Reproduce every line of the material below, but drop the pictures.
====
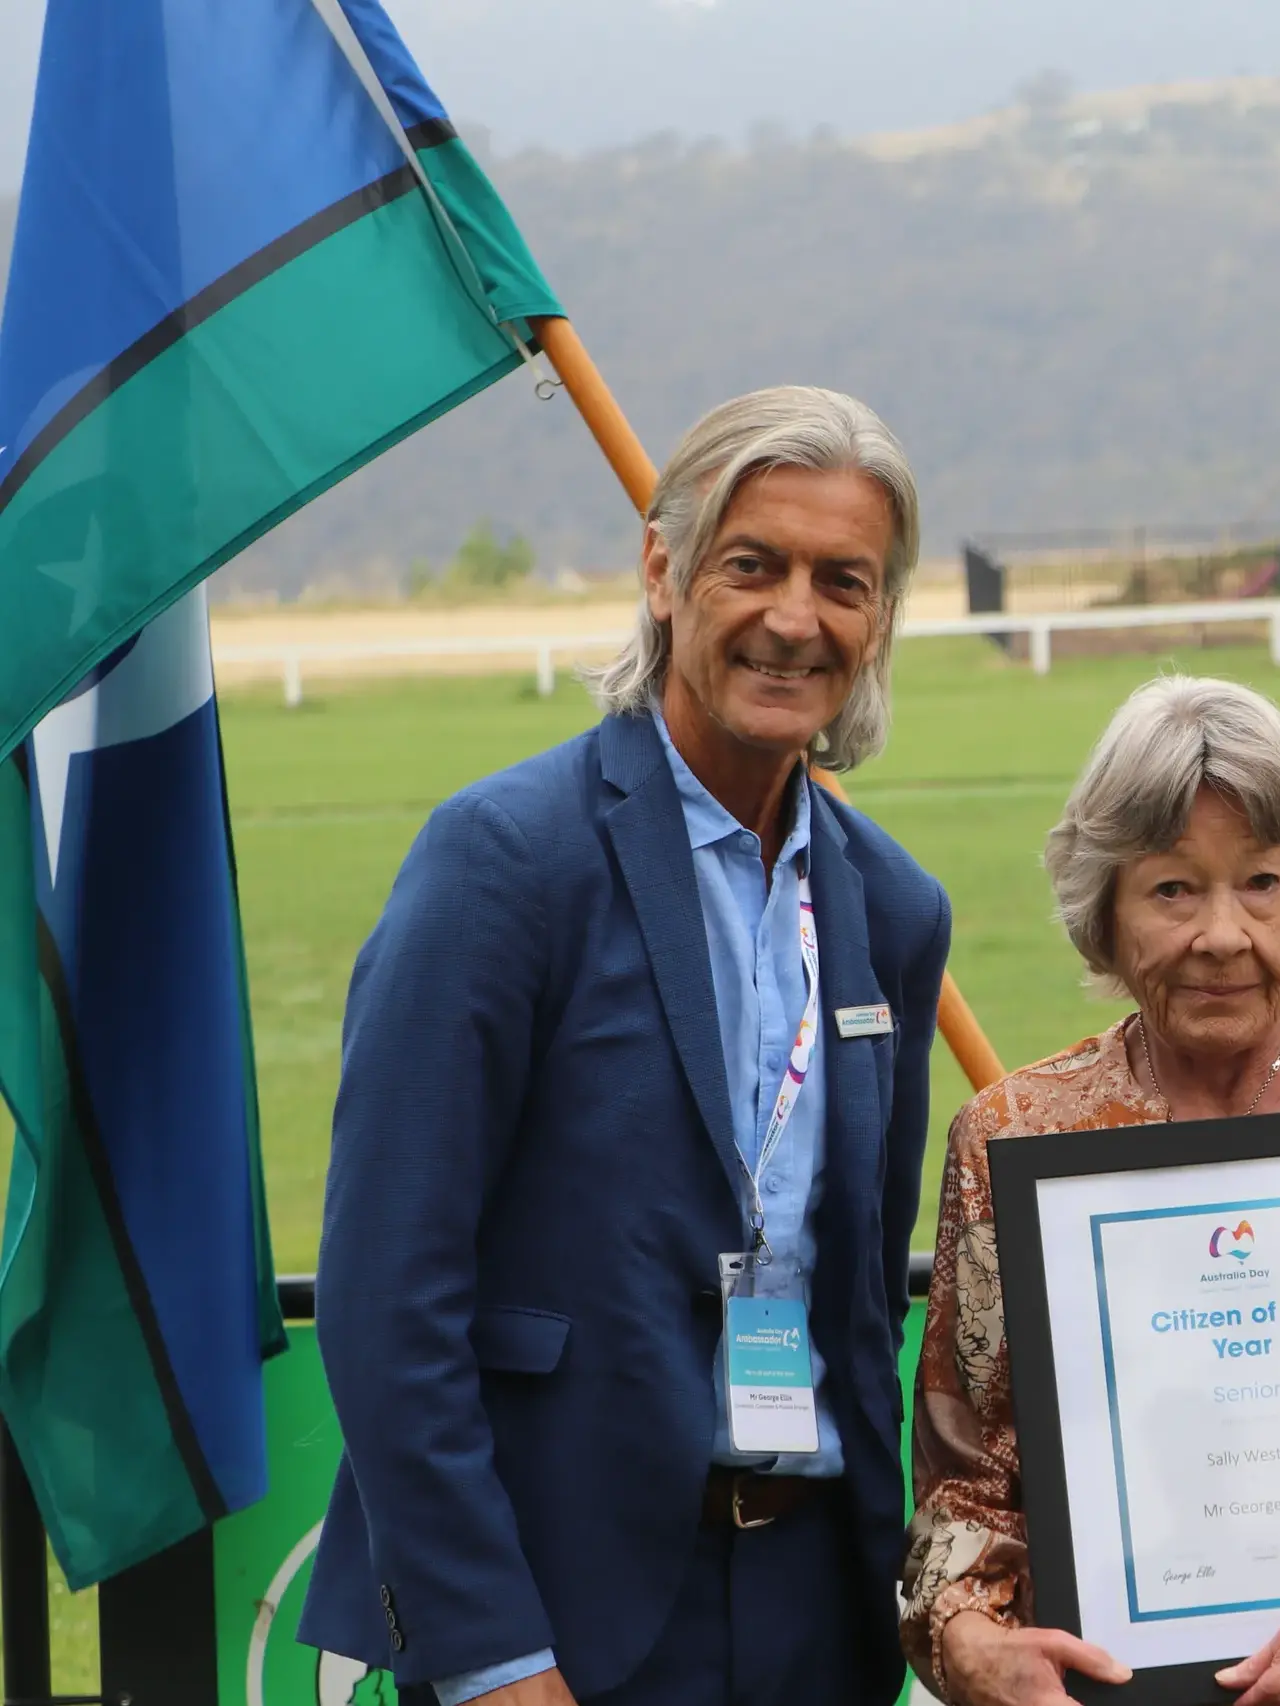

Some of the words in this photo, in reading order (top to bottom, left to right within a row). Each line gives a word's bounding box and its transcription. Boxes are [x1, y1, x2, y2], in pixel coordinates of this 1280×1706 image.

[1200, 1270, 1246, 1283] Australia
[1249, 1268, 1270, 1279] Day
[1151, 1308, 1242, 1333] Citizen
[1251, 1301, 1277, 1324] of
[1211, 1337, 1273, 1360] Year
[749, 1393, 758, 1401] Mr
[758, 1394, 780, 1402] George
[1213, 1381, 1280, 1403] Senior
[1206, 1451, 1240, 1467] Sally
[1203, 1503, 1224, 1518] Mr
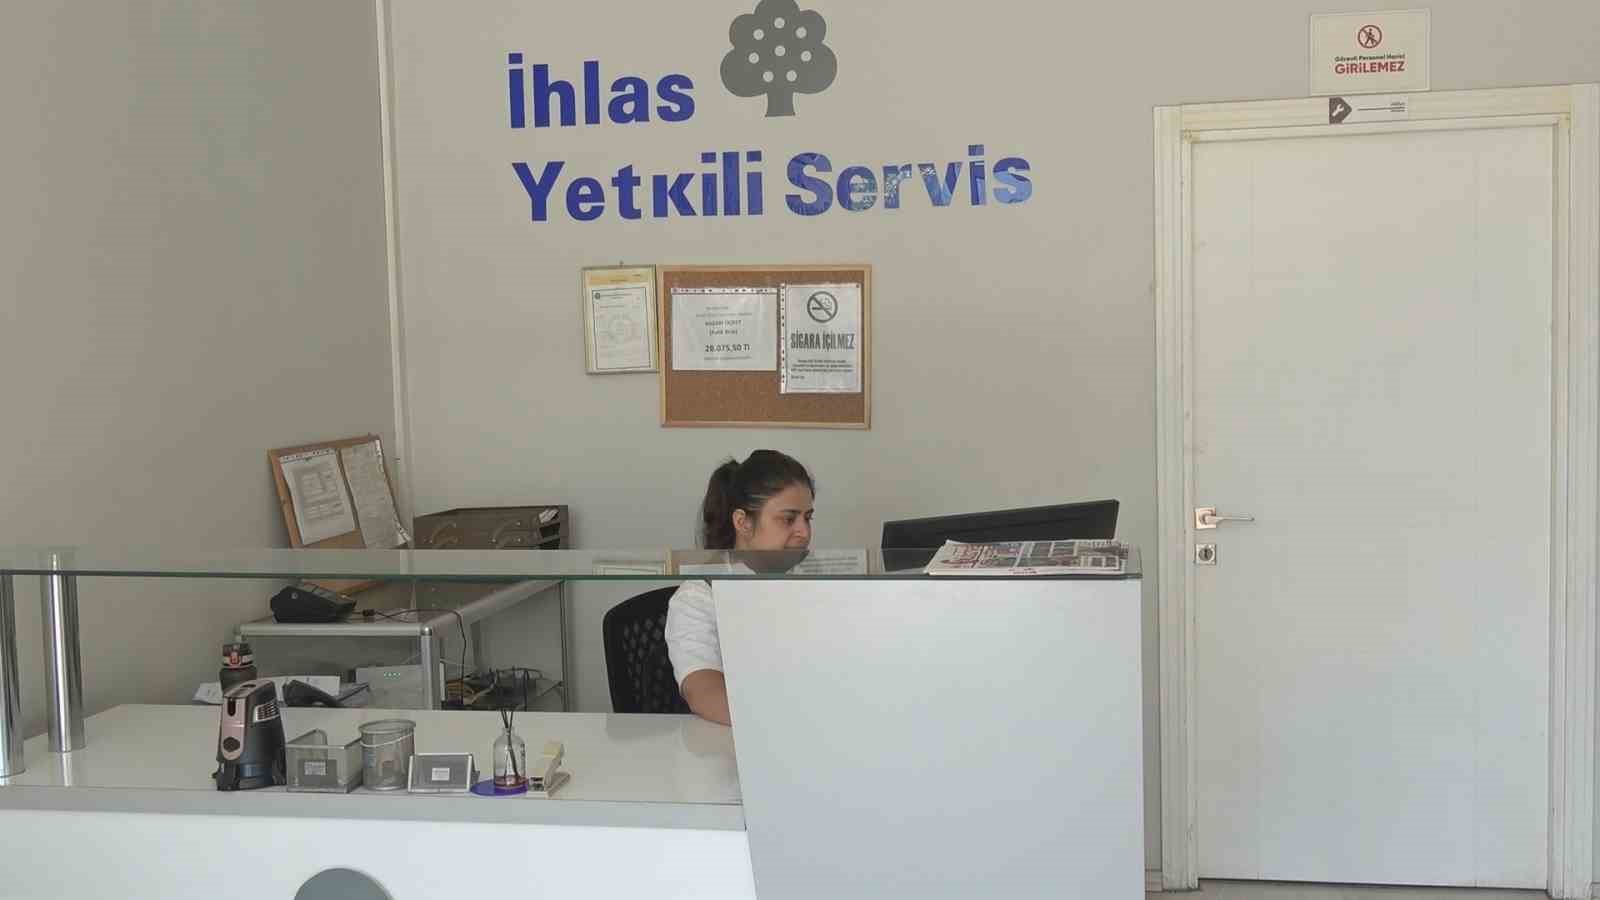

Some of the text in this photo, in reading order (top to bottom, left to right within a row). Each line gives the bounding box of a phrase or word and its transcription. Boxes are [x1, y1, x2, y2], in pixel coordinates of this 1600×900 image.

[508, 53, 695, 128] İhlas
[512, 145, 1033, 221] Yetkili Servis
[790, 329, 855, 351] SİGARA İÇİLMEZ
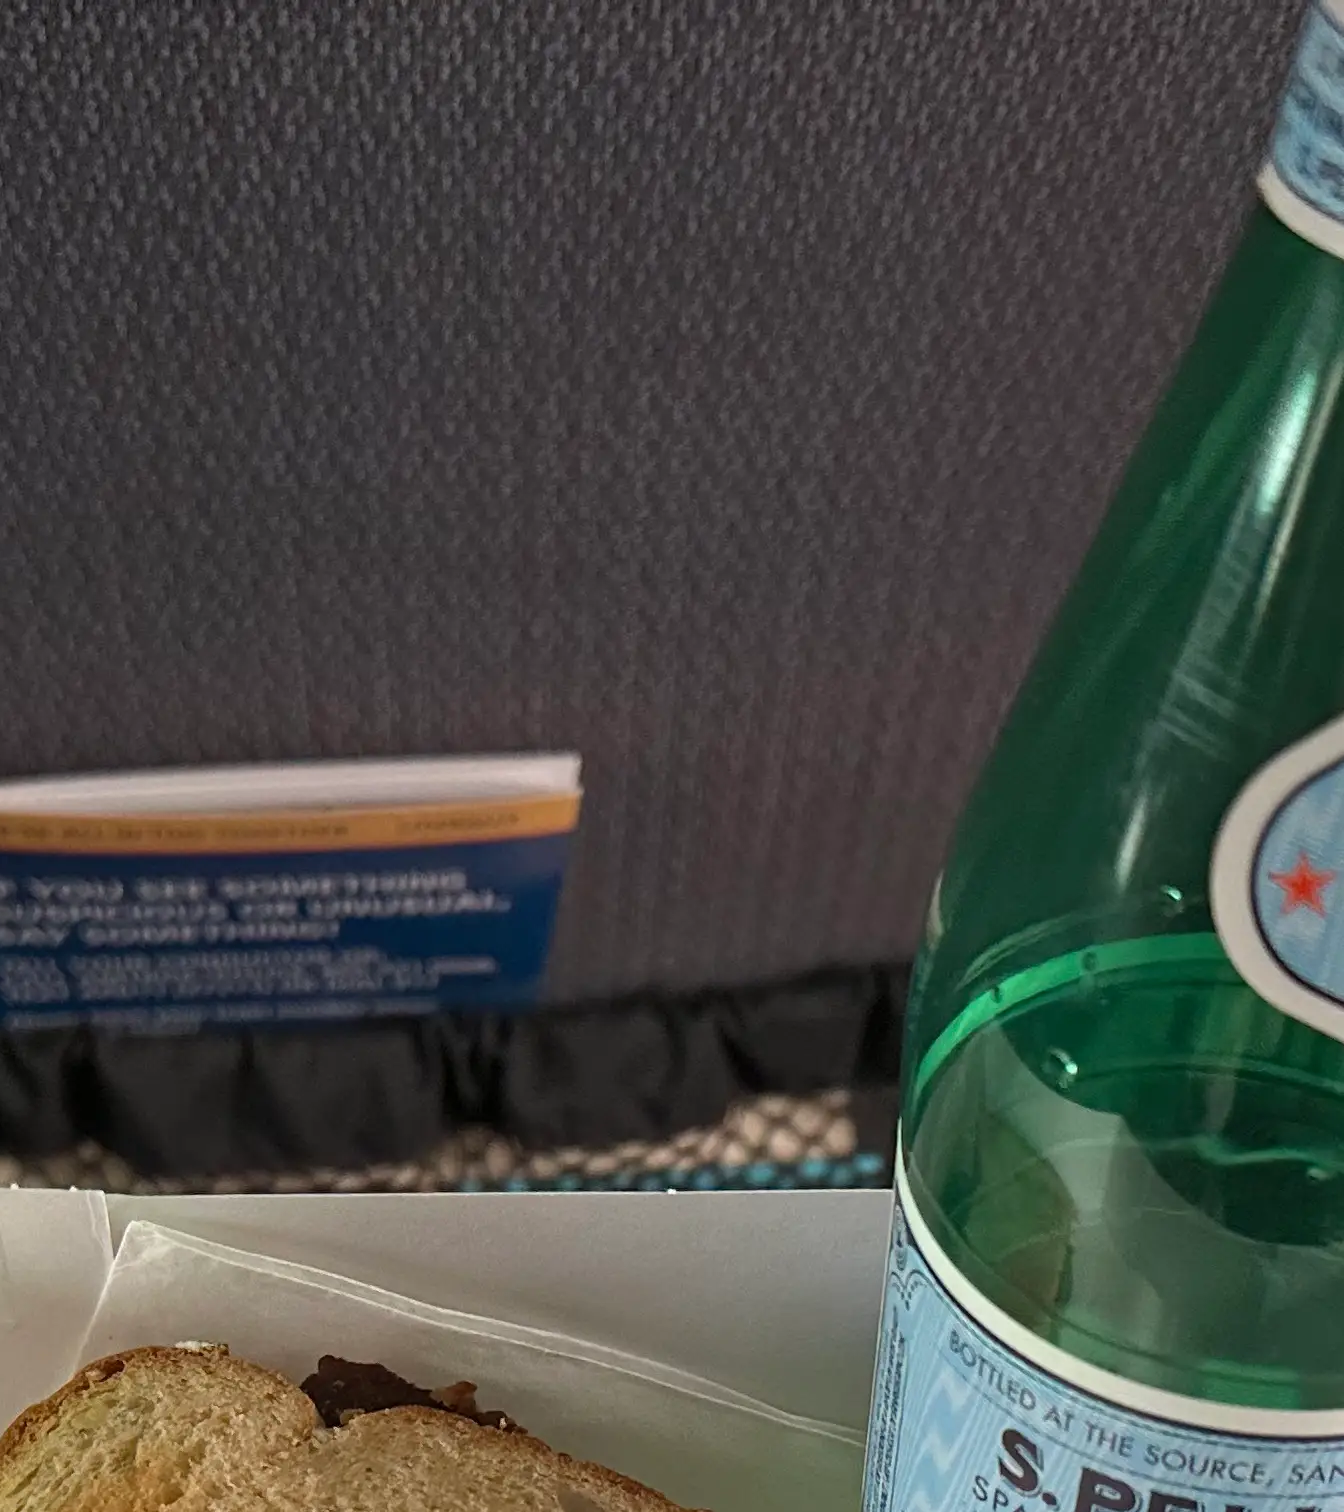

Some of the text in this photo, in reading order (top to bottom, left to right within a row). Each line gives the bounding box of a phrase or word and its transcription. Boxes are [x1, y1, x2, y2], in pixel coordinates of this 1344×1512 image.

[948, 1330, 1037, 1412] BOTTLED
[1042, 1405, 1076, 1432] AT
[1084, 1422, 1136, 1458] THE
[1142, 1443, 1275, 1488] SOURCE,
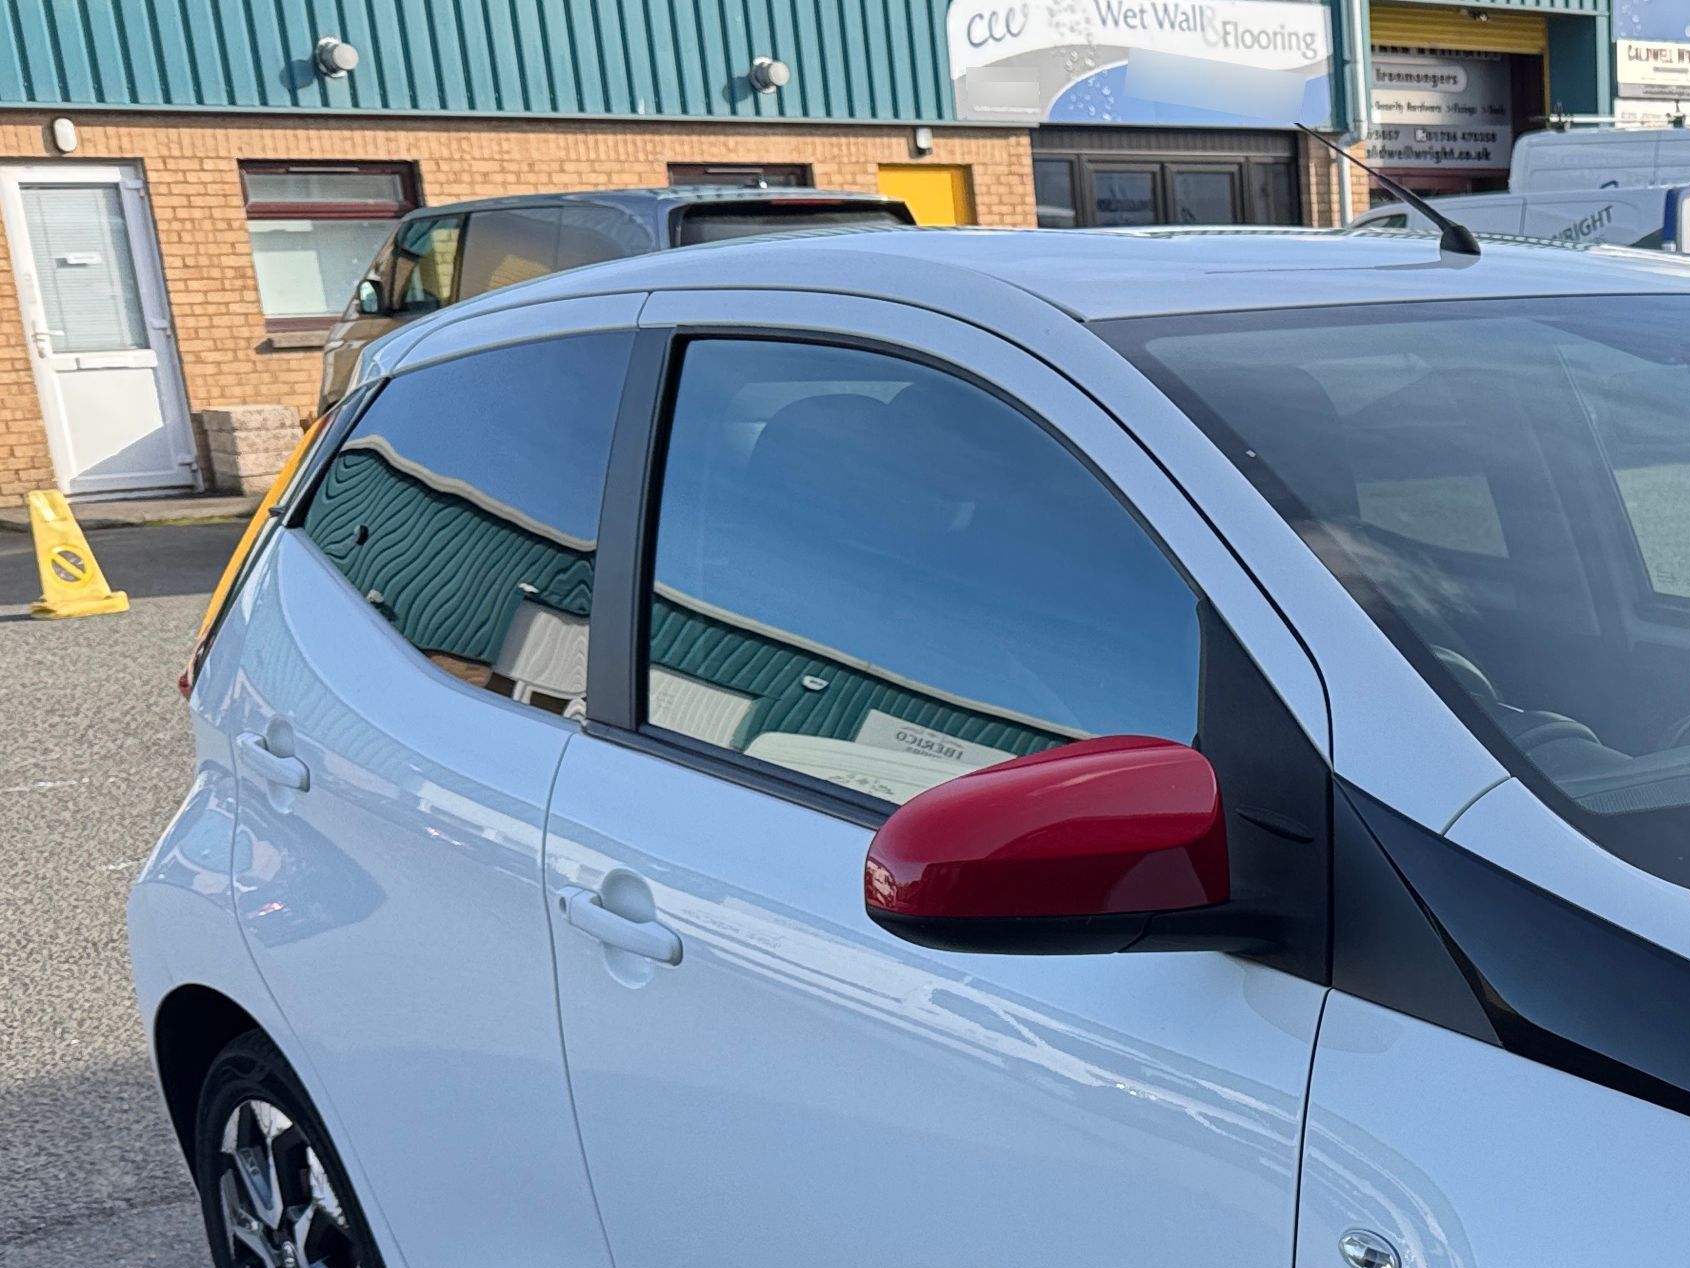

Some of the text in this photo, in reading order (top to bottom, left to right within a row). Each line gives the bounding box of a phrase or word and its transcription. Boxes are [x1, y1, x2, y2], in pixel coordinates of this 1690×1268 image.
====
Finished exercise =
Some of the words in this photo, in reading order (top to bottom, left to right within a row). Each line gives a word's bounding box and its transcription. Boxes are [x1, y1, x2, y2], in pixel coordinates of this 1280×1706 image.

[1200, 1270, 1246, 1283] Australia
[1249, 1268, 1270, 1279] Day
[1151, 1308, 1242, 1333] Citizen
[1251, 1301, 1277, 1324] of
[1211, 1337, 1273, 1360] Year
[749, 1393, 758, 1401] Mr
[758, 1394, 780, 1402] George
[1213, 1381, 1280, 1403] Senior
[1206, 1451, 1240, 1467] Sally
[1203, 1503, 1224, 1518] Mr

Some of the text in this photo, in reading order (top to bottom, left to right within a row). Each line gives the bounding box of a phrase or word and its transcription. Boxes are [x1, y1, x2, y2], in pixel coordinates of this 1600×900 image.

[508, 53, 695, 128] İhlas
[512, 145, 1033, 221] Yetkili Servis
[790, 329, 855, 351] SİGARA İÇİLMEZ

Some of the text in this photo, in reading order (top to bottom, left to right within a row). Each line gives the bounding box of a phrase or word and its transcription. Boxes are [x1, y1, x2, y2], in pixel coordinates of this 1344×1512 image.

[948, 1330, 1037, 1412] BOTTLED
[1042, 1405, 1076, 1432] AT
[1084, 1422, 1136, 1458] THE
[1142, 1443, 1275, 1488] SOURCE,

Some of the text in this photo, in reading order (top to bottom, left to right within a row). Each line gives the bounding box of a phrase or word and its transcription. Boxes are [x1, y1, x2, y2], in pixel coordinates of this 1690×1268 image.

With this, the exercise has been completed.